They departed off to the vets,  which is where I leave the story. 

I have no idea what happened to the dog. I’m hoping the vet was able to save the dog. A bit of me is scared to try and find out. I don’t want there to be a sad end to the story. If I contact the vet to find out, that illusion of a happy ending is shattered. 

I loved Lassie movies as a kid. Yeah those old black and whites. But they would always have me in tears. Mind you so would movies like King Kong when Kong dies. You should see me at the end of the animated classic All Dogs Go To Heaven. I’m a mess.

When I arrived at The White Lion I went straight to the men’s room to wash off the blood from my right hand where I had been holding the hanky on the wound of the dog. Playing with a bloody hand might have freaked people out.

Our two games for the evening were two great games, Five Tribes and The Castles of Mad King Ludwig
Our first game of the evening was a favourite, Five Tribes, that hadn’t seen nearly enough time on the table. But that’s the draw back of having a collection full of great games. Too many great games, not enough time. It’s a first world problem. 

We played just the base game, no expansions. But we could have, but didn’t.

Early on I got a djinn that stopped my yellow and white meeples being assassinated from in front of me. Then I got one that made all my yellow meeples worth three points instead of one. I even assassinated a yellow meeple in front of Jonathan to make sure I had the majority. That’s ten points.

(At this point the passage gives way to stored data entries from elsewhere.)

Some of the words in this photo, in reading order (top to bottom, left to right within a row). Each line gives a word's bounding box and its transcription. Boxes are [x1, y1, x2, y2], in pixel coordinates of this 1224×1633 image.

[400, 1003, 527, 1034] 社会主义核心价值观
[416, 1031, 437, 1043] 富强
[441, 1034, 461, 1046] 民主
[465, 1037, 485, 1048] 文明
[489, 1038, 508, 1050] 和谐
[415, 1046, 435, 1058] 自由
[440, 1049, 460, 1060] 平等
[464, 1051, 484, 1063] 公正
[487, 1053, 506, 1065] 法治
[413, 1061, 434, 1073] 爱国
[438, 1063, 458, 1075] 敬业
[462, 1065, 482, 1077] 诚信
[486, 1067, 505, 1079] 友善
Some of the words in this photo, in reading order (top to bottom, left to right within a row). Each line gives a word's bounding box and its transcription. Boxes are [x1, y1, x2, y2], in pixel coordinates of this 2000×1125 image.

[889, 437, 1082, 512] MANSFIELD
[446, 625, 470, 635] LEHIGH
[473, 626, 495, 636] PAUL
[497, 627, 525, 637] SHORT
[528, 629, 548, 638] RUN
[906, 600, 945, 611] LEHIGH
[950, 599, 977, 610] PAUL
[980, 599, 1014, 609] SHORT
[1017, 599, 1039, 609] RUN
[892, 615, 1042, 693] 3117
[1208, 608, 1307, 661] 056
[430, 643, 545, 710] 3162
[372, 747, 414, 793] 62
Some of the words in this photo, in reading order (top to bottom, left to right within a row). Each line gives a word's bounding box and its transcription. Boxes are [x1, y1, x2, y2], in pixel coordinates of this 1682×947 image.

But it was obvious that Chris was going to win once he started to make use of his djinn ability and was placing the tents into his tile that could take tents. He had six on one space! Jonathan had gone the items route to scoring. Which is a route I don’t usually follow.

I think I only placed a couple of camels compared to everyone else. I used the auction stage to try and push up the price of first place and drain the others of money/points. Which worked sometimes, especially when the others were paying eighteen coins to get first place.

There was some serious analysis paralysis (ap) going on at times. Probably one of the few games we play where this goes on. Maybe we should introduce a timer to combat this instead of our current method of scarcasm. Which truth be told only really lengths the time eaten away by the ap.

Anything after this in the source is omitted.